English

Abstract

Purified L-asparaginase in combination with other anticancer drugs like pyrimidine derivatives is administered usually in the body to treat ALL. In the present study, L-asparaginase was purified from Erwinia carotovora up to 247.6 fold and its catalytic properties were studied in the presence of eight different dihydropyrimidine (DHP) derivatives, out of eight derivatives only two viz 4(2'-hydroxy phenyl) -6methyl -2thioxo)-1 -N benzilydene 1, 4 dihydropyrimidine 5 carboxylic acid ethyl ester (P1) and 4 -(2'-hydroxy-5'-chlorophenyl)-5-acetyl-6-methyl-2 pyrimidinone (P2) were found to be activators of L-asparaginase. Their catalytic effect was assayed at optimum pH 8.6 and at temperature 35°C in the absence and presence of derivatives P1 and P2 (20-40 μM) at 0.020.1 mM concentration of asparagine. It was found that derivatives below the concentration 5 μg/ml have no effect on the activity. Derivative P1 is found to be a strong activator of the asparaginase activity that was reflected by an increase in the Vmax (1.75 fold by P1 and 2.80 fold by P2 respectively) and decrease in the Km (0.91 fold by P1 and 0.81 fold by P2 respectively).
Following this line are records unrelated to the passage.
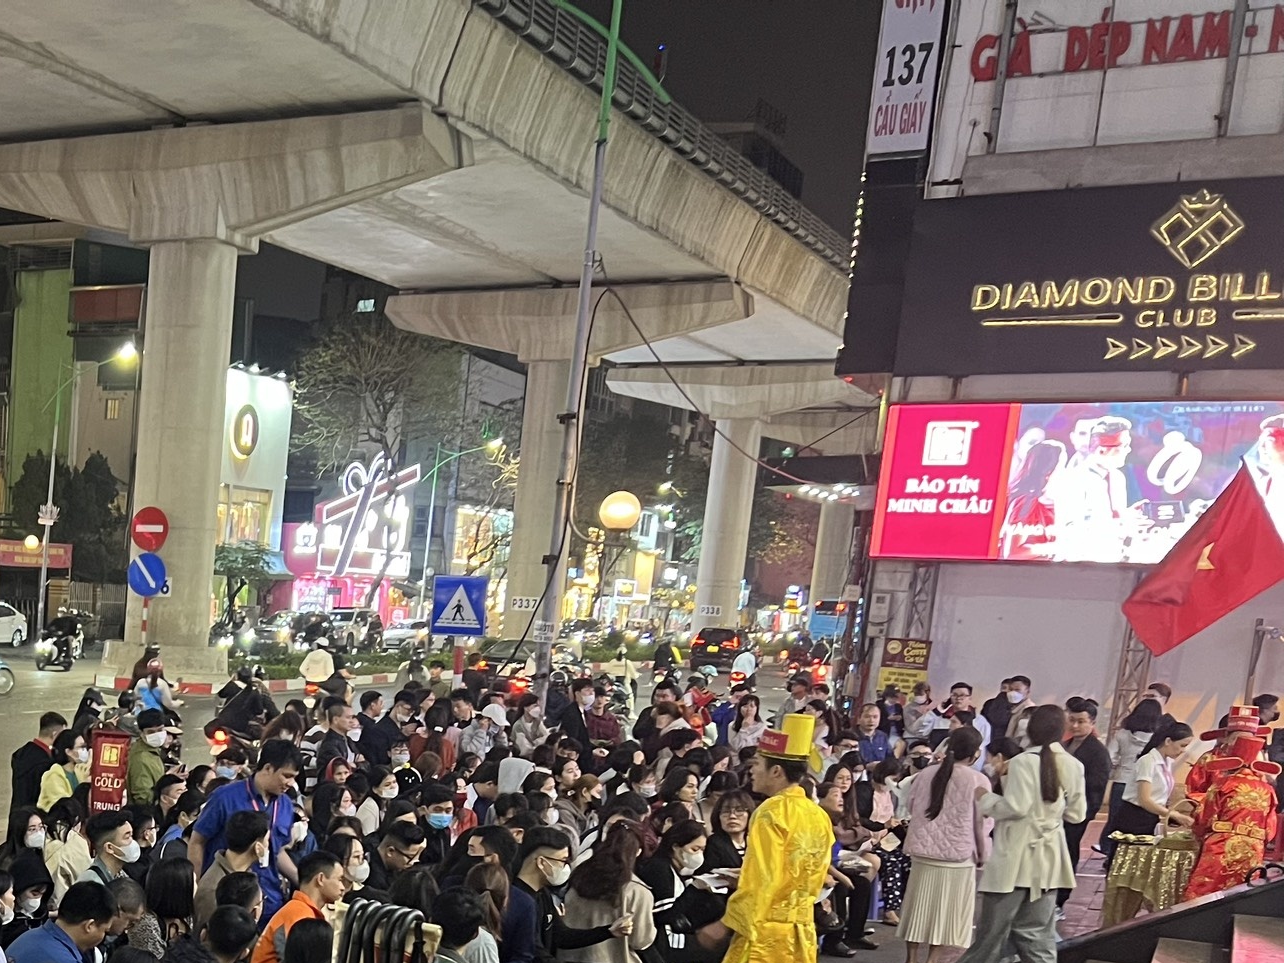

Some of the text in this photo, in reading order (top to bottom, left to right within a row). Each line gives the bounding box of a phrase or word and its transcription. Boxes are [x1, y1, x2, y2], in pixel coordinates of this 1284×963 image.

[1064, 6, 1132, 72] DÉP
[1143, 10, 1231, 65] NAM
[882, 42, 935, 88] 137
[971, 276, 1174, 311] DIAMOND
[1135, 308, 1217, 328] CLUB
[904, 474, 981, 494] BẢO TÍN
[886, 494, 993, 514] MINH CHÂU
[512, 598, 538, 609] P337
[700, 606, 721, 616] P338
[94, 776, 122, 789] GOLD
[93, 801, 121, 812] TRUNG
The activation of asparaginase is explained by suppressing the cooperativity for the substrate, producing hyperbolic kinetics with Km of 0.080 mM and by 3 fold increase in the Vmax of the enzyme. The activation by derivative P1 and P2 were additive, at optimal or suboptimal concentrations of both activators (up to 30 μg/ ml). The DHP derivatives were further analyzed for quantitative SAR study (QSAR) by using PASS, online software to determine their Pa value. Toxicity and drug relevant properties were analyzed by PALLAS software in terms of their molecular weight and log p values. The results showed both the derivatives P1 and P2 are positive modulators of asparaginase activity and may support the development of novel combination therapy for the treatment of Leukemia and solid blood tumors.